A Sociological Autobiography: 108 – Another Book?

By | December 7, 2023

I have over time reached the conclusion that as a teacher I communicate best with undergraduates, and that as a writer I communicate best with academic colleagues. I rarely teach now, but I have continued to write a decade or more into retirement. Recently a colleague has quite rightly raised the issue of why we sociologists write and who we write for. This has special applicability to me as I have not only commended ‘foresight sociology’ (the study of alternate futures) and ‘action sociology’ (disseminating our knowledge in the public sphere and contesting ideologies) but I have also apparently entered a ‘polemical phase’. While I contest the charge that I have become a polemicist, I do appreciate that my published work is of limited accessibility and appeal outside of academia. My rationale, in so far as I have devised one, is that I essentially write for students and academics in the hope that what I say will (i) ‘educate’ and (ii) serve as a catalyst for others’ thinking. It’s a truncated ambition I admit.
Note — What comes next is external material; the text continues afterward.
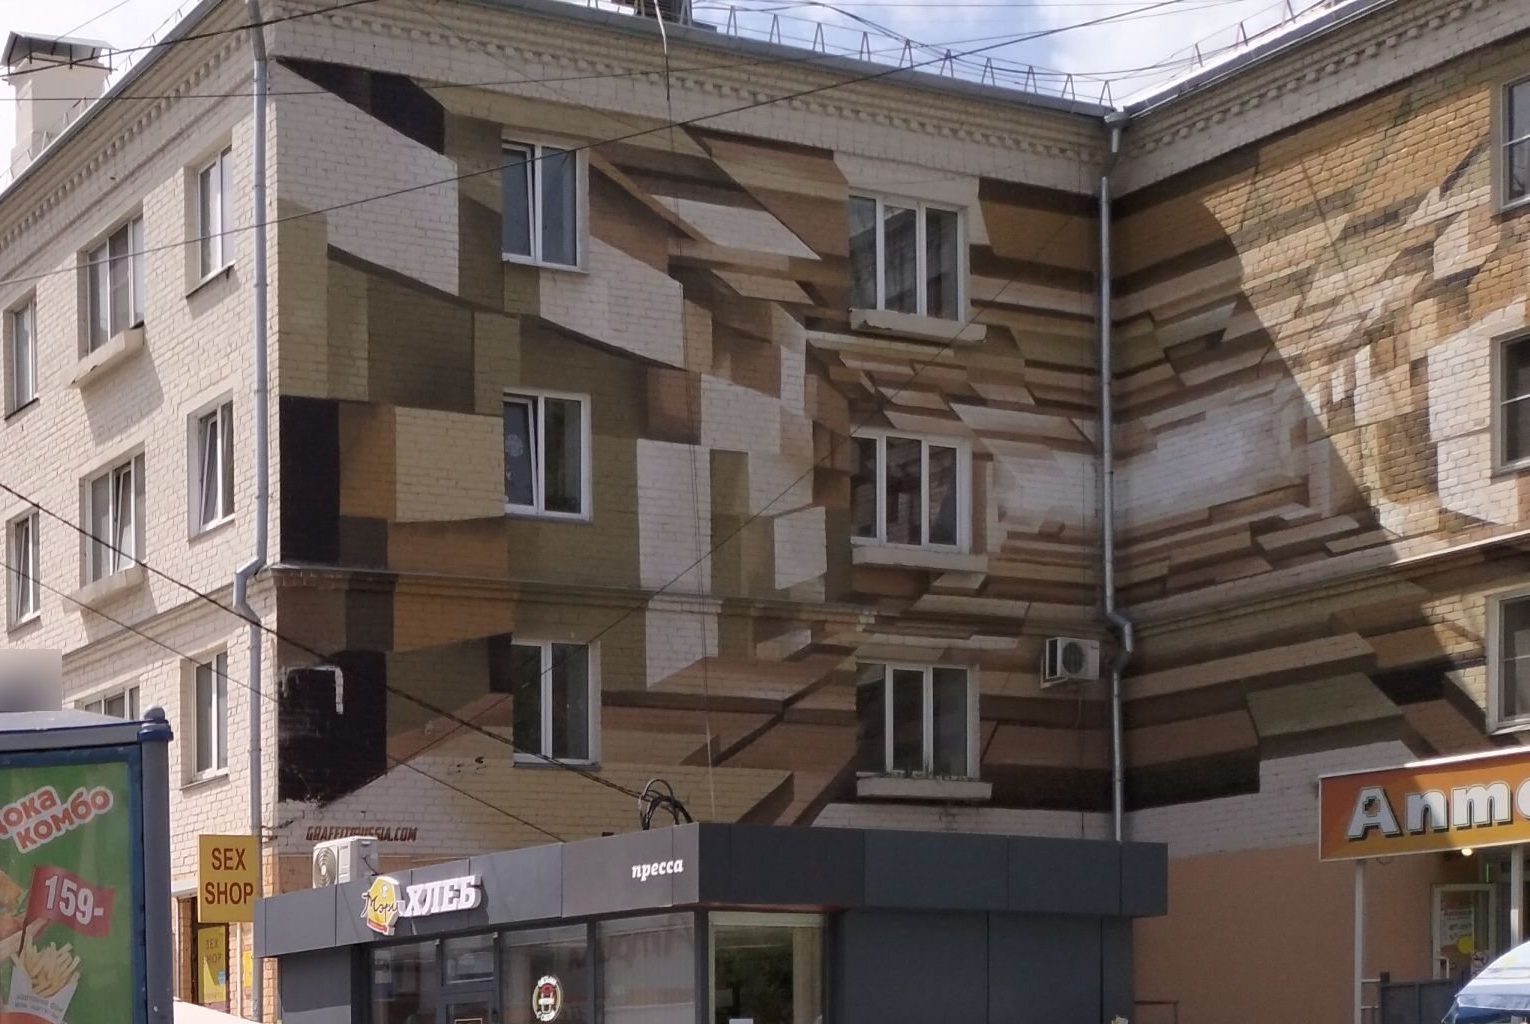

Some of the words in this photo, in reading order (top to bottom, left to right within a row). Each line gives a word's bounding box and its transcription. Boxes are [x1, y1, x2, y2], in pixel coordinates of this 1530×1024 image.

As I’ve entered my mid-70s I have found my stamina for writing has declined. Whereas I was able until recently to shift from café to café for five or six hours on the trot, laptop in tow, I now find I’m running out of steam after two or three hours. And there’s another emerging issue. I have just completed a book – ‘Health: Practice, Policy, Obstacles’ – and am awaiting feedback from the series editors and a reviewer. Having re-read my draft I am quite pleased with it, in part because I say what I wanted to say, and in part because it develops my previous texts ‘boldly’ (an adverb I prefer to ‘polemically’). My message is newish, at least for me; but arguably also for sociologists interested in health inequalities.

A few years ago I pondered writing a book from a critical realist perspective focusing on the unfolding of my career as a sociologist. The plan was to integrate largely chronological ‘sketches’ from my personal career with a more broad-ranging consideration of changes in both sociology and the academy post-1970s. It never quite got off the ground, despite the support of critical realist luminaries like Maggie Archer. Perhaps this was because the proposal I constructed (rather quickly, as is my habit – I just want to get on with stuff I’ve committed to I my head) wasn’t either impressive or clear enough. In the event I decided not to work further on a revised proposal in what would for me have been a wrong direction of travel, and opted instead to complete a set of ‘preliminary’ sketches and make them available on my website (see www.grahamscambler.com). But as I write this, I have just had a new book proposal rejected by the first publisher I’ve approached, it seems because they cannot see it as a high-selling textbook. Hmm. I’m not even sure they are right, though that sounds immodest.

The proposal arises out of a long-held ambition to make available and reasonably accessible to colleagues and students in the sociology of health and illness, together with all those colleagues and students practising and/or studying in the fields of health and healthcare, short expositions of the key theories of some 20-30 leading social and sociological theorists, plus some suggestions as to their relevance for health policy and practice. The point of doing so would be to demonstrate the added value of (i) making one’s (unavoidable commitment to) theorising explicit, (ii) being reflexive about one’s theorising, (iii) encouraging people to position health phenomena in the context of social order and social change, and (iv) introducing those less than familiar with classical and contemporary social thinkers to the exciting resources available. Readers would obviously pick and choose, honing in on theorists of most relevance to their interests.

I initially thought that when I’d submitted my ‘Health’ manuscript I would stop writing single-authored books; ageing academics have a tendency to repeat themselves, often magisterially, and sometimes into their dotage. But this new idea would be the realisation of a project that has been at the back of my mind for decades. Having taught general social and sociological theory at undergrad and postgrad level for several decades, often with the phenomena of health and healthcare hovering in the background, I feel I am well qualified to contribute such a volume. But it does seem that publishers increasingly take what they see as low-risk decisions, as it were in accordance with a pre-set algorithm. Personally, I can see the kind of book I’m thinking of doing well in paperback across many different undergrad, postgrad and professional courses: there are after all very many people inhabiting the health domain.

Possibly I am being overly defensive, and this may be down to faltering stamina and impatience. I’m not sure what I will do if other publishers turn down my proposal. I certainly won’t adopt the tactic I did with the ‘Sketches’ text and just make it available on my website. But I remain hopeful and have already sent the proposal off to a second publisher.

I would be interested people’s views.